Please retype every record below exactly, leaving the pictures out.

++++++++++

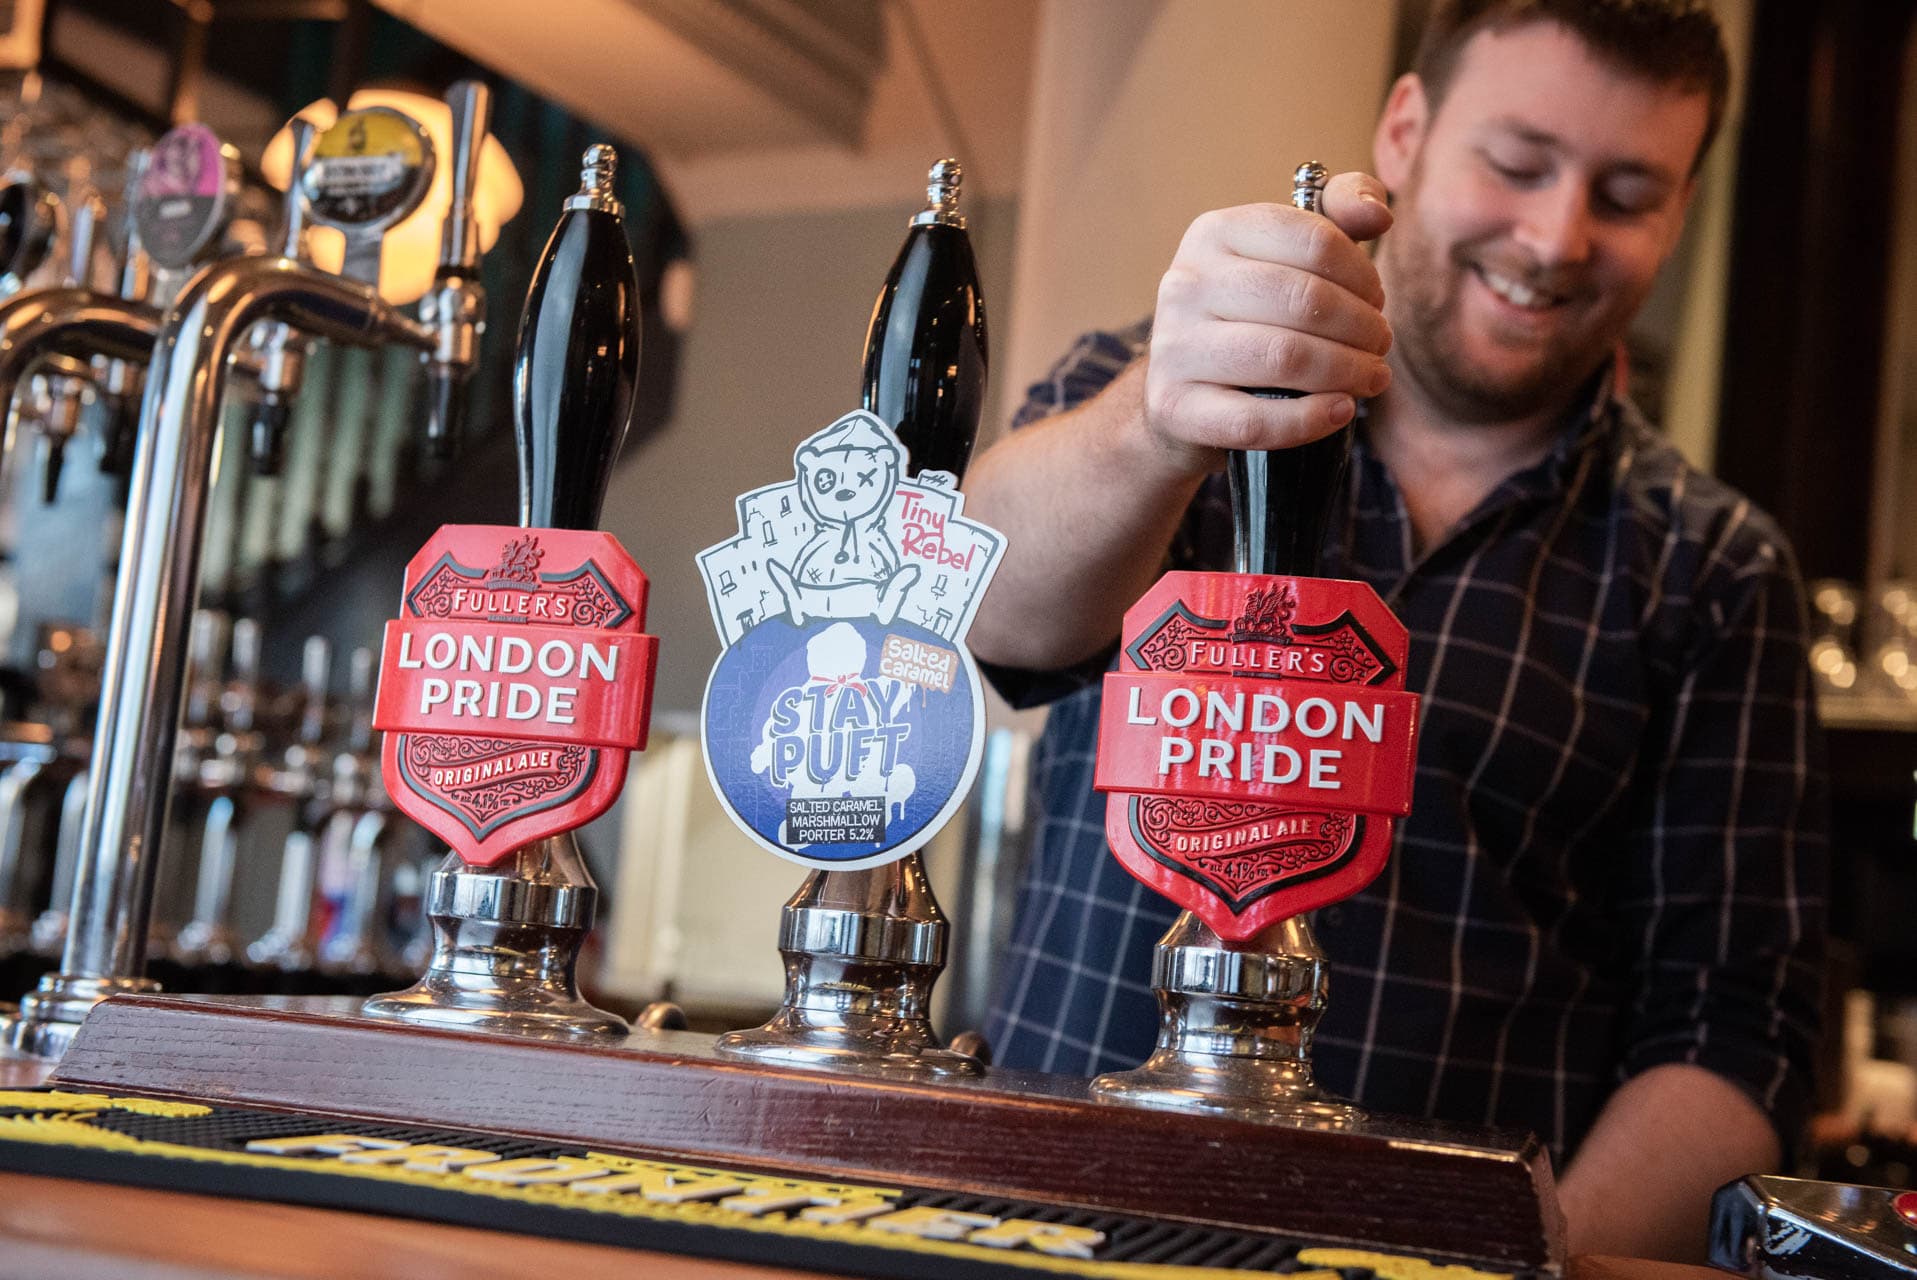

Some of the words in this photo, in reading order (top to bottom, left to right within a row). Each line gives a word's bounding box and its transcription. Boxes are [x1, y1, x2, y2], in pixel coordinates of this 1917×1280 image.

[896, 490, 945, 531] Tiny
[902, 522, 976, 572] Rebel
[453, 588, 568, 617] FULLER'S
[399, 632, 618, 681] LONDON
[888, 639, 951, 673] Salted
[1190, 641, 1325, 672] FULLER'S
[420, 677, 577, 724] PRIDE
[771, 680, 903, 738] STAY
[1127, 687, 1385, 743] LONDON
[434, 762, 513, 787] ORIGINAL
[518, 751, 551, 769] ALE
[771, 724, 911, 787] PUFT
[1158, 736, 1343, 790] PRIDE
[790, 801, 830, 814] SALTED
[833, 800, 882, 812] CARAMEL
[792, 814, 881, 828] MARSHMALLOW
[799, 829, 846, 841] PORTER
[849, 828, 875, 841] 5.2%
[1176, 829, 1273, 853] ORIGINAL
[1276, 819, 1312, 837] ALE
[1223, 861, 1255, 880] 4.1%
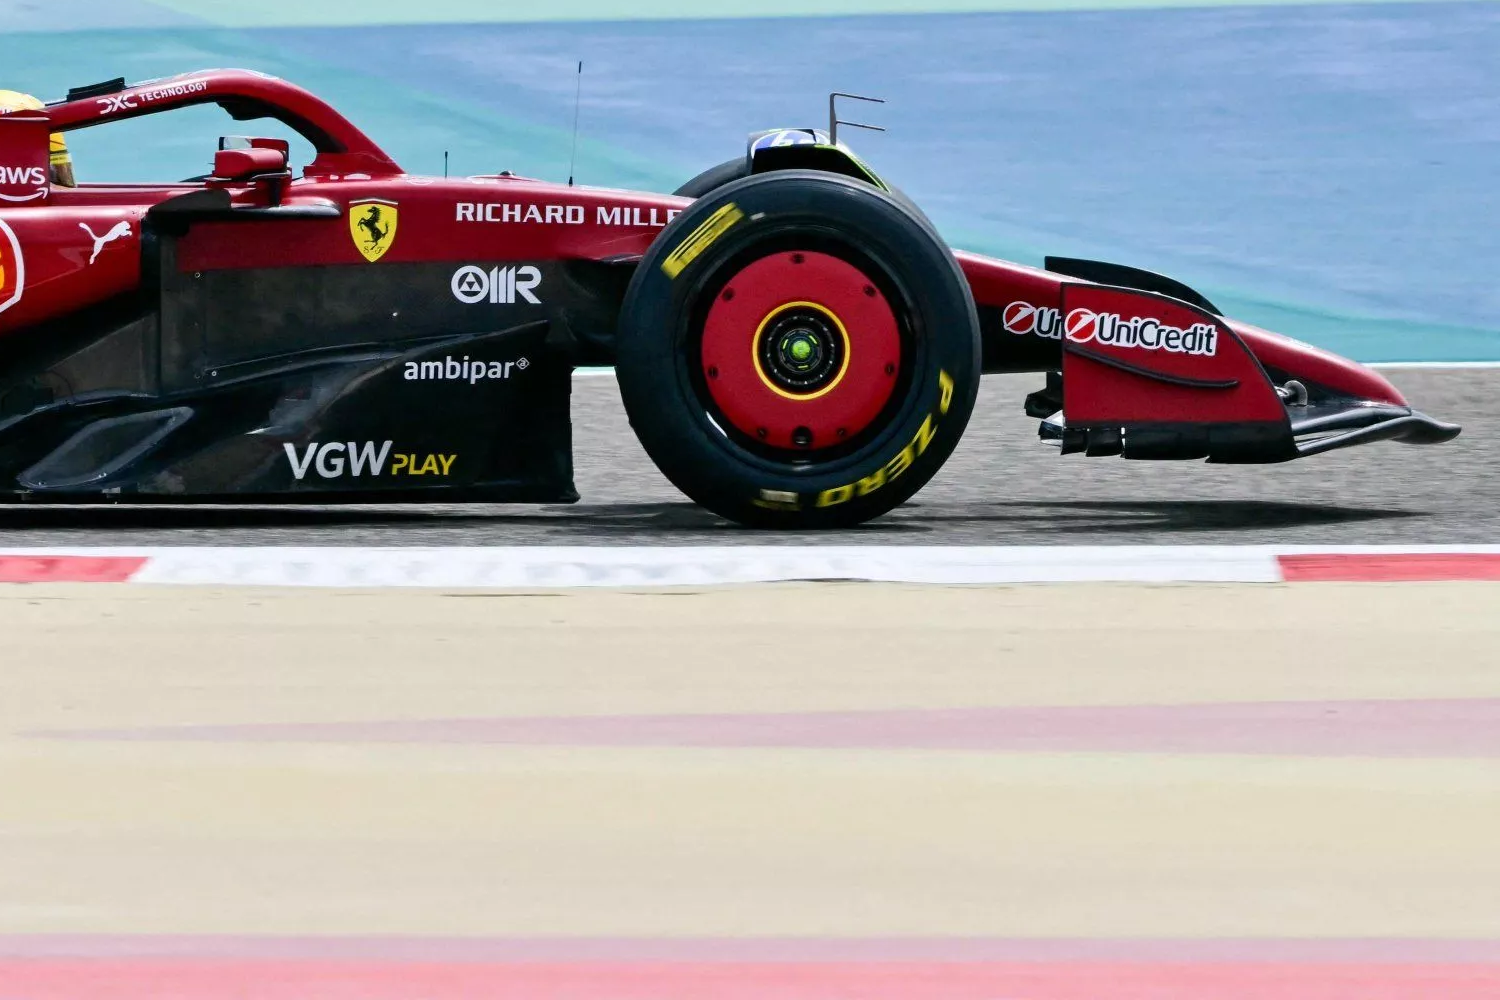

++++++++++

* **Output of the exercise**
Some of the words in this photo, in reading order (top to bottom, left to right within a row). Each line gives a word's bounding box and its transcription. Boxes are [x1, y1, x2, y2], in pixel coordinates of this 1917×1280 image.

[896, 490, 945, 531] Tiny
[902, 522, 976, 572] Rebel
[453, 588, 568, 617] FULLER'S
[399, 632, 618, 681] LONDON
[888, 639, 951, 673] Salted
[1190, 641, 1325, 672] FULLER'S
[420, 677, 577, 724] PRIDE
[771, 680, 903, 738] STAY
[1127, 687, 1385, 743] LONDON
[434, 762, 513, 787] ORIGINAL
[518, 751, 551, 769] ALE
[771, 724, 911, 787] PUFT
[1158, 736, 1343, 790] PRIDE
[790, 801, 830, 814] SALTED
[833, 800, 882, 812] CARAMEL
[792, 814, 881, 828] MARSHMALLOW
[799, 829, 846, 841] PORTER
[849, 828, 875, 841] 5.2%
[1176, 829, 1273, 853] ORIGINAL
[1276, 819, 1312, 837] ALE
[1223, 861, 1255, 880] 4.1%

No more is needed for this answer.